(Creative Commons licensed photo from Vasta's Flickr photostream.)
Joan Magretta wrote a wonderful book called What Management Is. In the book, Magretta defines a business model as "a story about making and selling." That is, you better have a unique and compelling story about how you'll both make and sell your mousetrap. I like that definition, especially the "story" part.
But I've been thinking for about four years now that something is missing each time I quote the definition or recommend the book.
Connecting is missing.
By connecting I mean maintaining a vibrant and open dialogue with users and customers. Connecting is just as important as making and selling.

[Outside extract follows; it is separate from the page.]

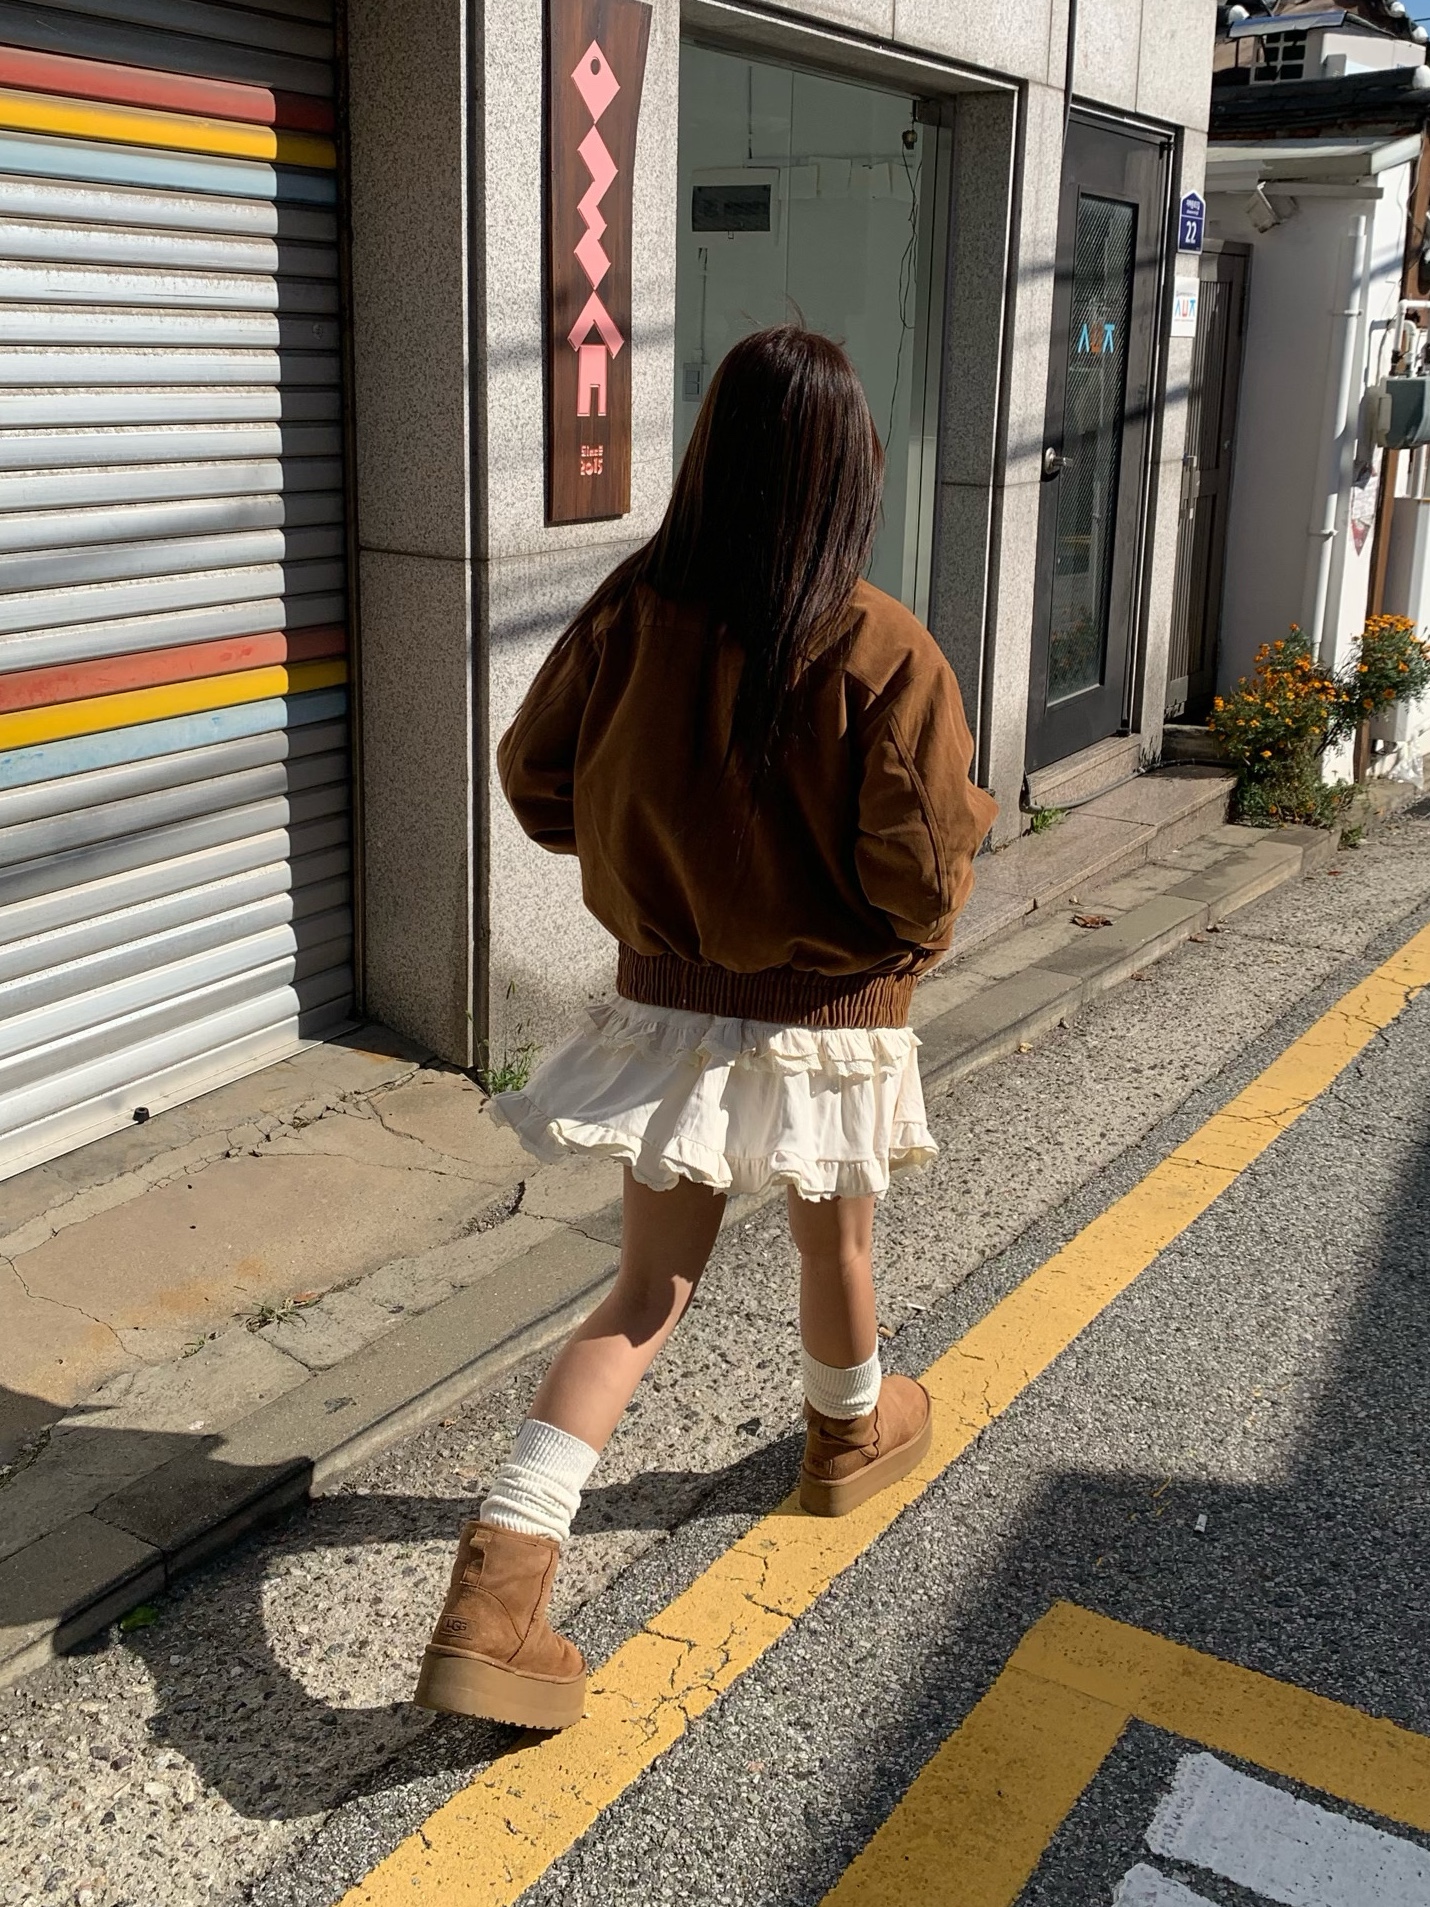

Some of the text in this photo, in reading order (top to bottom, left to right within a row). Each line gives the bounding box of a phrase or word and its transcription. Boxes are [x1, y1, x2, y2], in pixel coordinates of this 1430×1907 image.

[1185, 220, 1197, 244] 22
[580, 457, 604, 476] 2015
[446, 1618, 468, 1632] UGG

If you're working at a small company, you should be designing ways to truly connect with your users. If you're working at a big company, you should be thinking hard about how the balance of effort and energies should shift back towards connecting (or reintroducing it altogether).
You see it in successful small and entrepreneurial firms. They are often founded on an insight and benefit from a connection that the big guys can't see. Some of the Web 2.0 companies are touching their customers hundreds of time each day right now. Is Zappos poised to continue connecting?

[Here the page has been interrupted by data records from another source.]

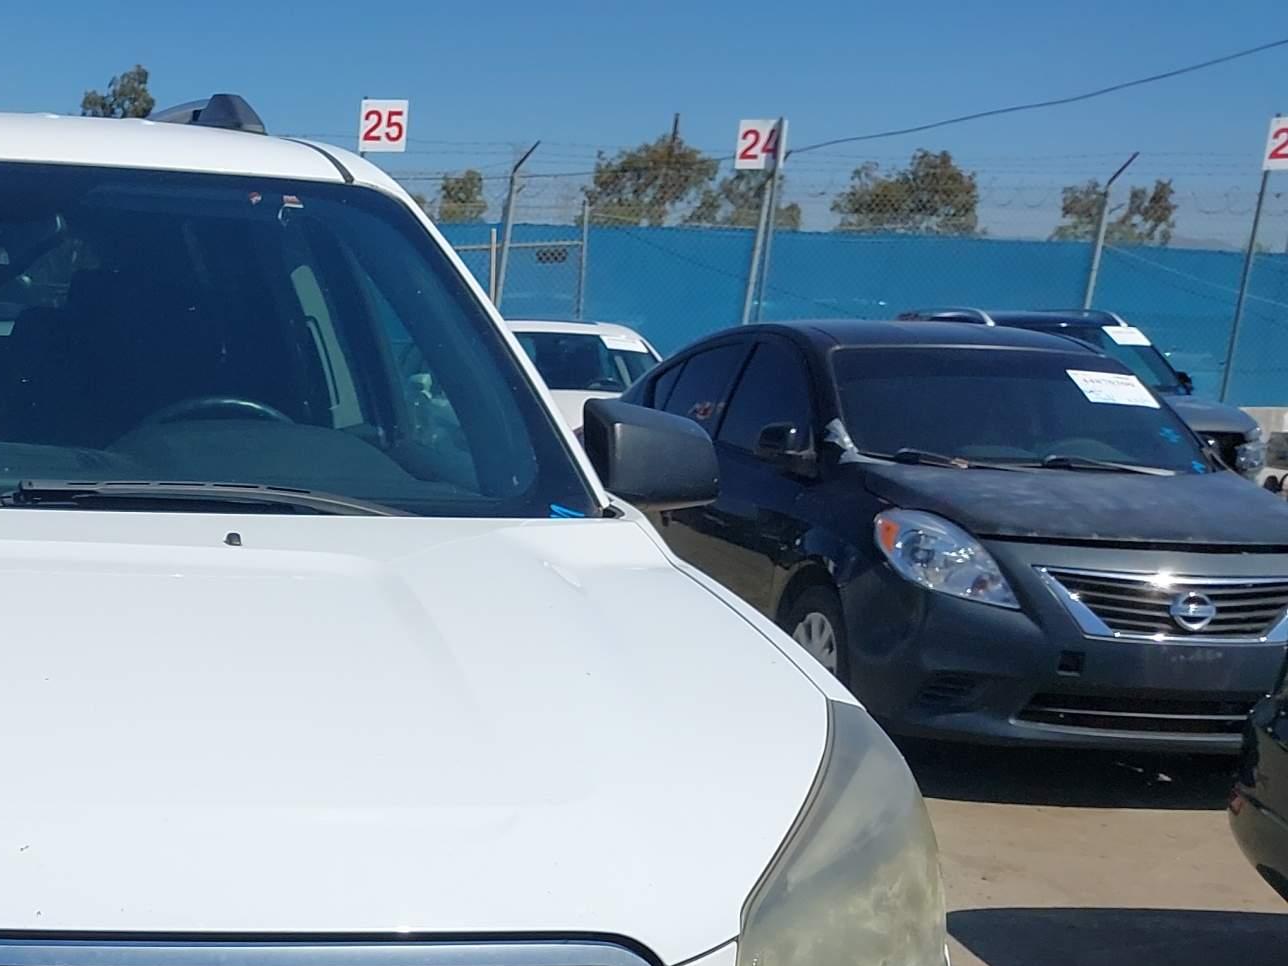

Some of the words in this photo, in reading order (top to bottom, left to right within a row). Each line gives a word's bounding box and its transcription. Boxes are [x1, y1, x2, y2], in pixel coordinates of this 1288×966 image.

[363, 110, 403, 142] 25
[739, 129, 778, 160] 24
[1268, 128, 1288, 160] 2
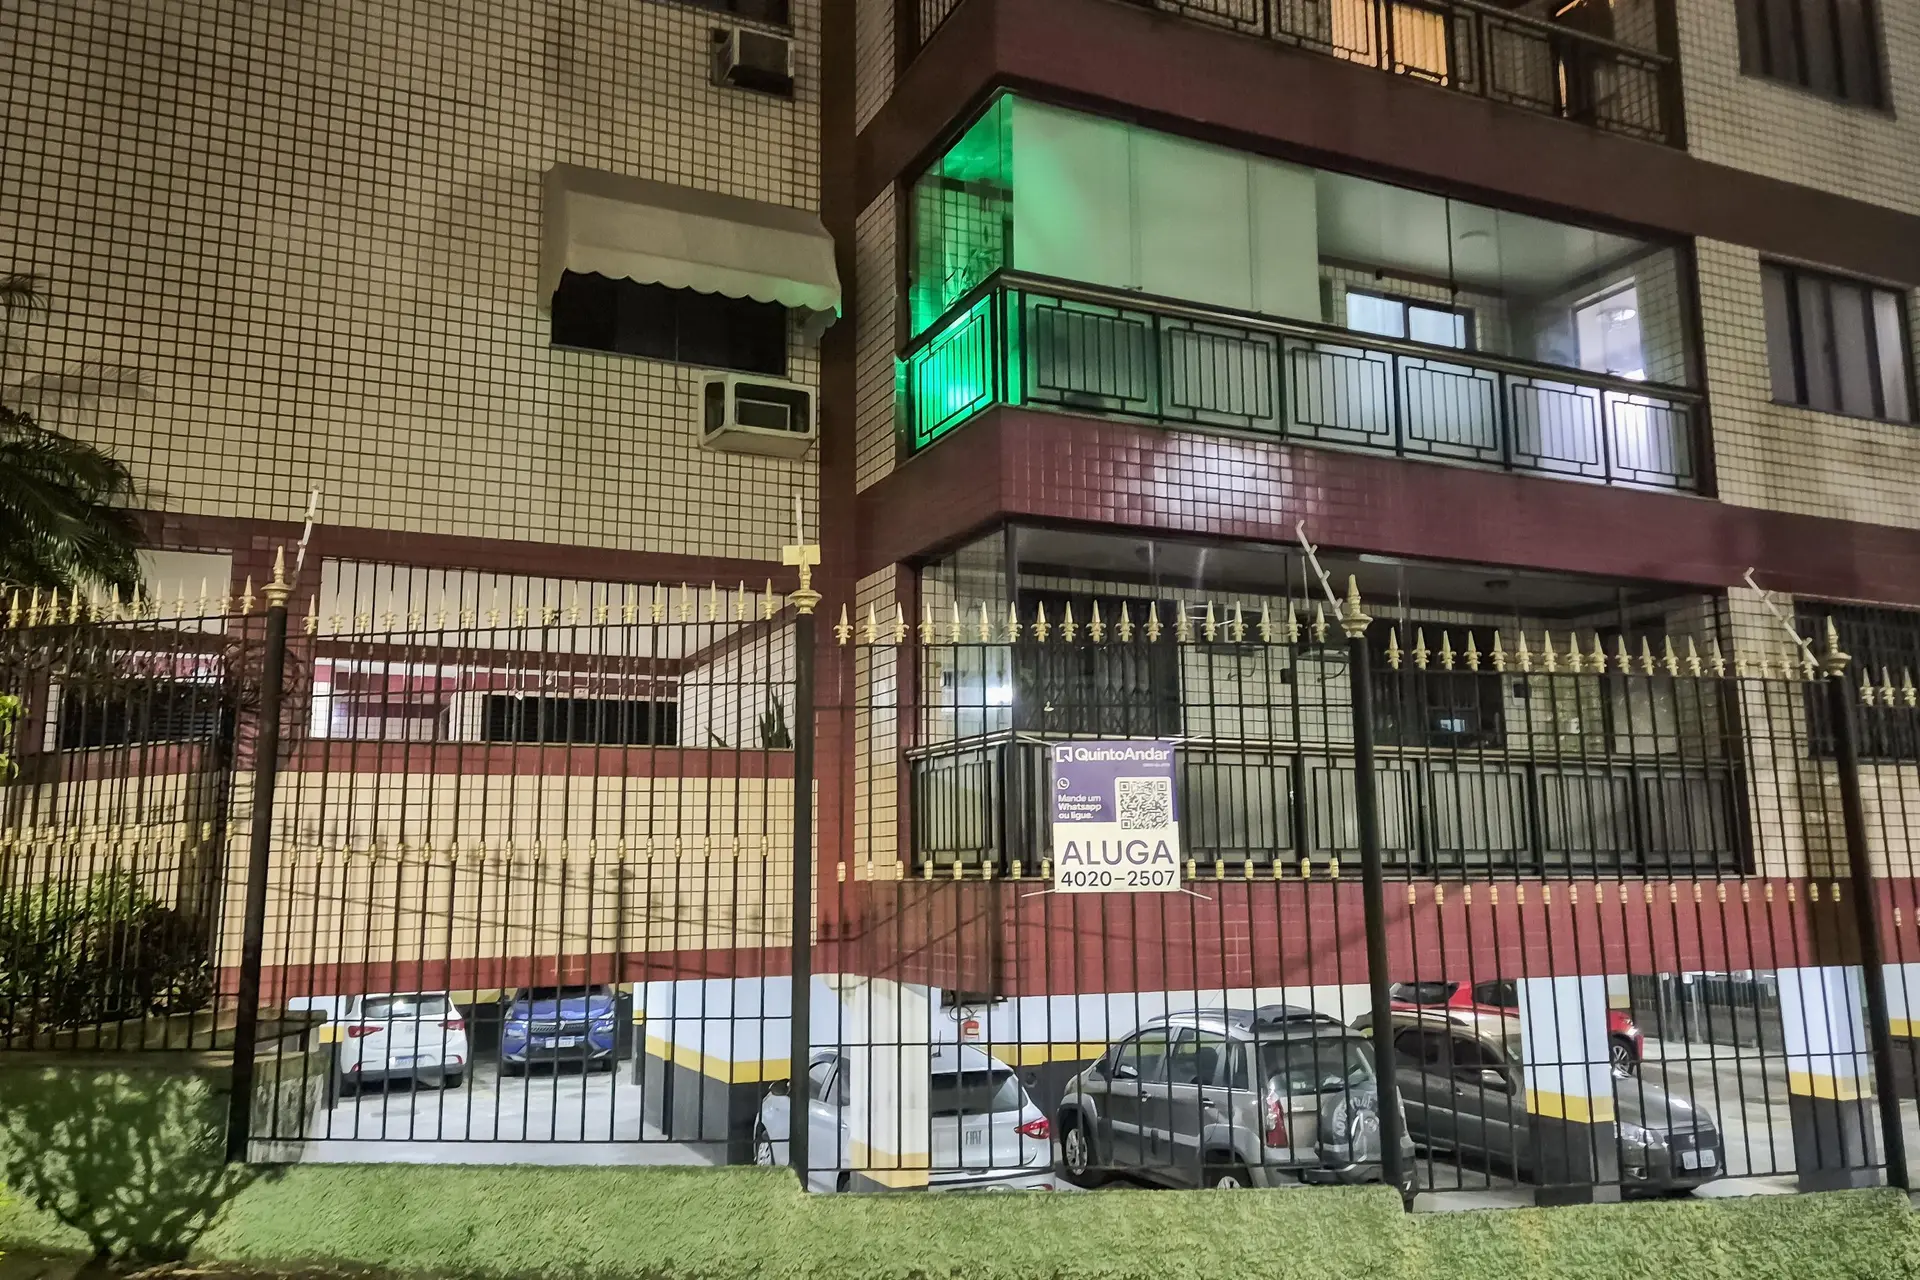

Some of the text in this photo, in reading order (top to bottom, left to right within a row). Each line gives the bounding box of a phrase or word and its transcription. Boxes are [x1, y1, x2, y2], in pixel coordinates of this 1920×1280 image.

[1075, 747, 1170, 762] QuintoAndar
[1058, 794, 1087, 802] Mande
[1071, 811, 1094, 820] ligue.
[1061, 840, 1174, 865] ALUGA
[1061, 870, 1175, 887] 4020-2507
[966, 1130, 982, 1145] FIAT

Alas, over time a company becomes more efficient. Listening to customers seemingly takes too much time. Leaders have heard it all before anyway. And besides, connecting to users could very well lead to complications like having to change. Organizations also become more complex. Leaders get further and further away from their users, customers and the frontline employees that may actually have the connections.
I once had a client that ran a division who had never gone through the process of buying his products in the same way his customers did. He just couldn't understand it in the same way as our team that went through the process dozens of times. (Peter Merholz from Adaptive Path just wrote a great post about this on Harvard Business Digital.)
If you spent the same time and energy perfecting how you went about connecting as you did making and selling, where would you be?
You've got to get out there.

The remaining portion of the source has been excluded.